[Collected data]
◆ ◆ ◆

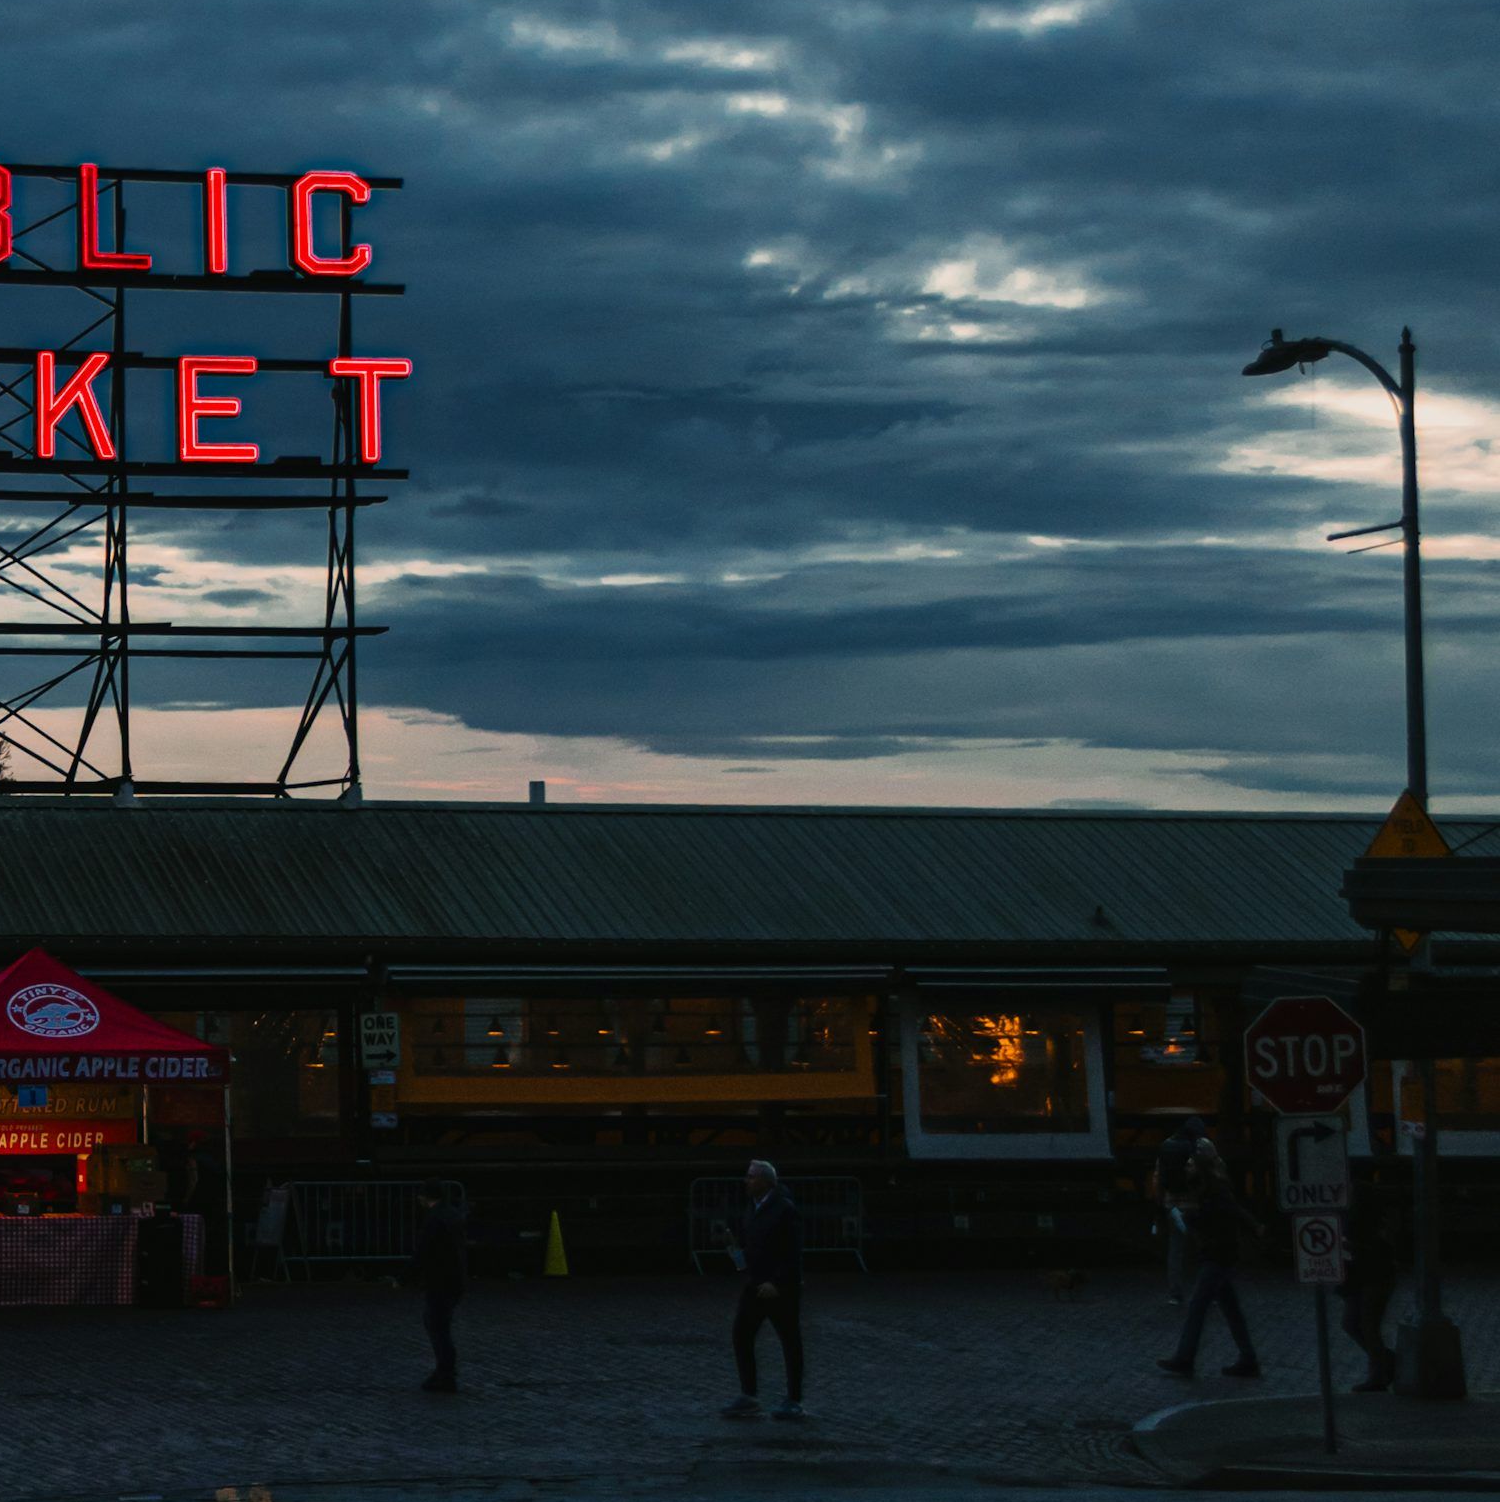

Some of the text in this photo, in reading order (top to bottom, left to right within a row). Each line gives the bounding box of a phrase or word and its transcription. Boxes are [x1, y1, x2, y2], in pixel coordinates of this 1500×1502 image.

[18, 986, 78, 1001] TINY'S
[24, 1022, 90, 1036] ORGANIC
[363, 1017, 395, 1030] ONE
[363, 1031, 396, 1045] WAY
[1254, 1034, 1356, 1078] STOP
[71, 1056, 140, 1078] APPLE
[145, 1056, 210, 1078] CIDER
[75, 1099, 117, 1114] RUM
[56, 1131, 105, 1148] CIDER
[1286, 1184, 1344, 1204] ONLY
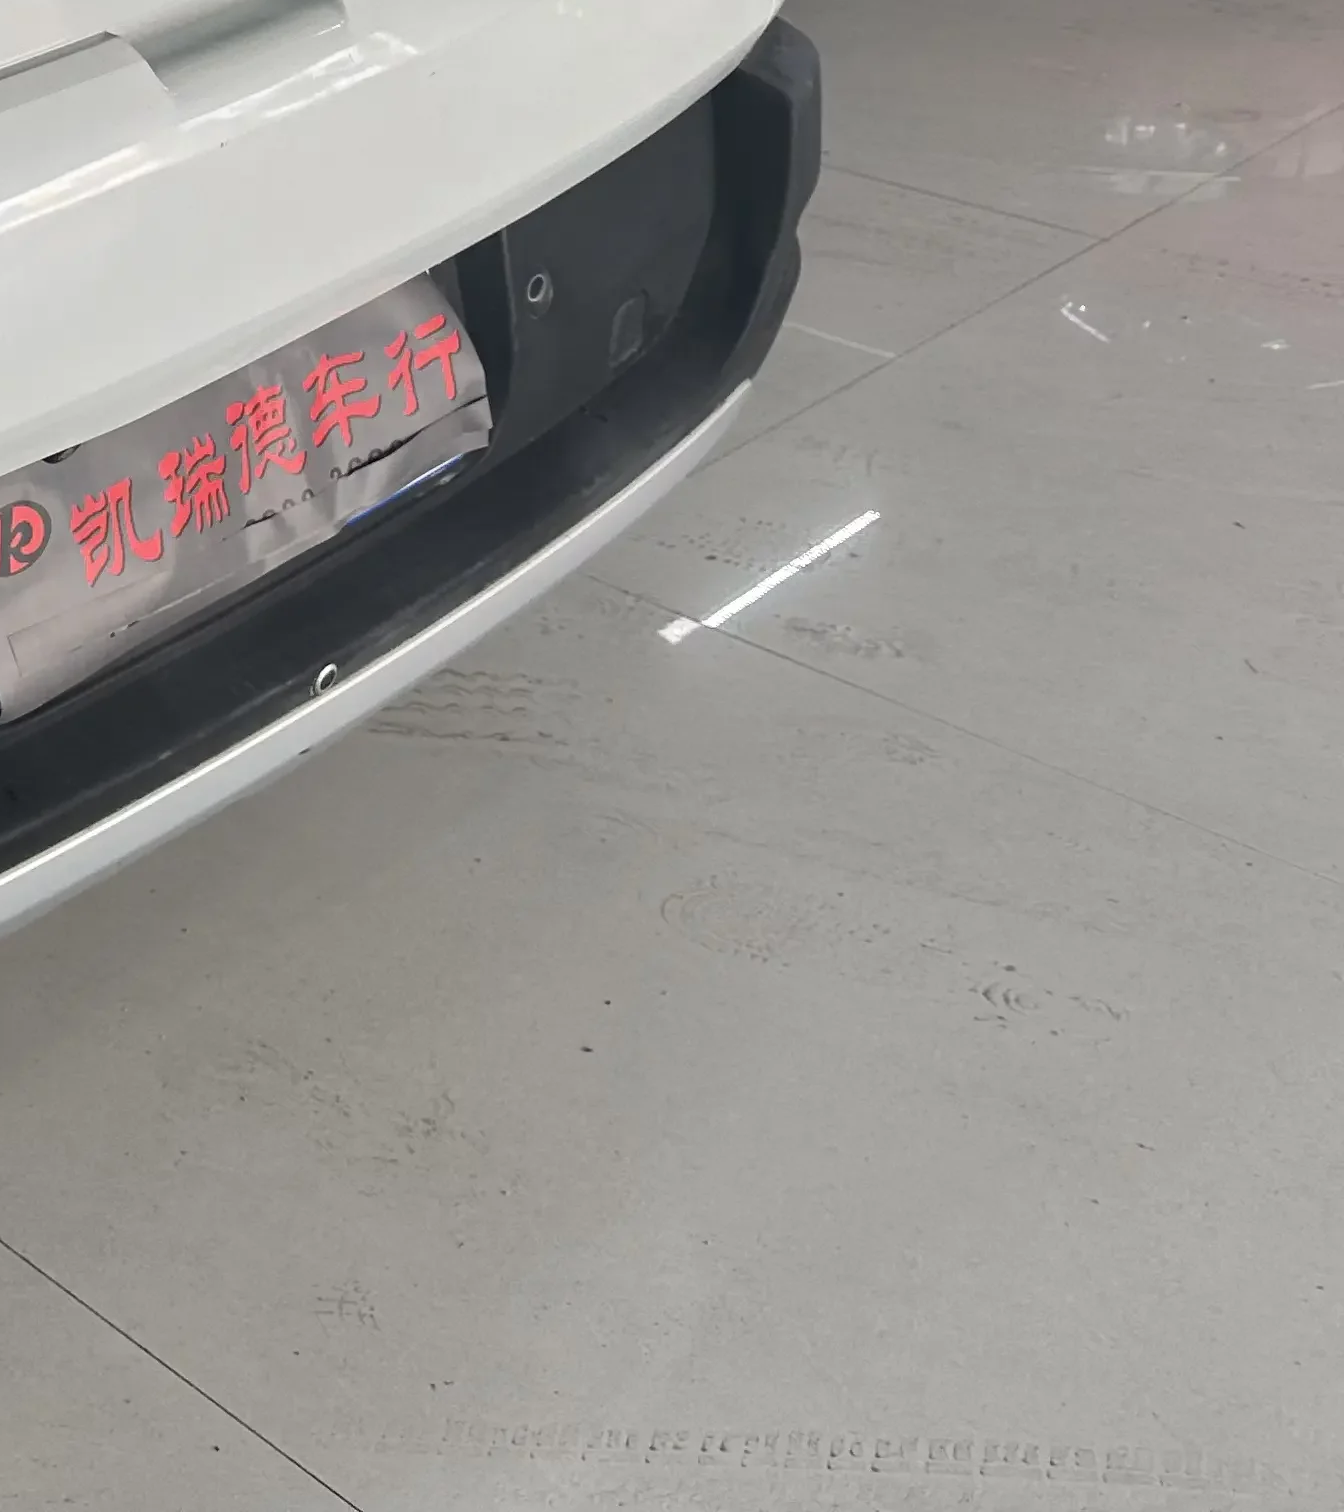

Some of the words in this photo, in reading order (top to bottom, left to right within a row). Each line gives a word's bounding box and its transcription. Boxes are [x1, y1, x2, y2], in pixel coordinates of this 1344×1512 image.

[70, 314, 461, 587] 凯瑞德车行

◆ ◆ ◆

→ **Exercise requirements**: Each entry above is to be given again exactly, and any image in it is to be dropped.

→ **Written answer**:
Some of the text in this photo, in reading order (top to bottom, left to right within a row). Each line gives the bounding box of a phrase or word and its transcription. Boxes are [x1, y1, x2, y2], in pixel coordinates of this 1500×1502 image.

[18, 986, 78, 1001] TINY'S
[24, 1022, 90, 1036] ORGANIC
[363, 1017, 395, 1030] ONE
[363, 1031, 396, 1045] WAY
[1254, 1034, 1356, 1078] STOP
[71, 1056, 140, 1078] APPLE
[145, 1056, 210, 1078] CIDER
[75, 1099, 117, 1114] RUM
[56, 1131, 105, 1148] CIDER
[1286, 1184, 1344, 1204] ONLY

Some of the words in this photo, in reading order (top to bottom, left to right within a row). Each line gives a word's bounding box and its transcription. Boxes are [x1, y1, x2, y2], in pixel coordinates of this 1344×1512 image.

[70, 314, 461, 587] 凯瑞德车行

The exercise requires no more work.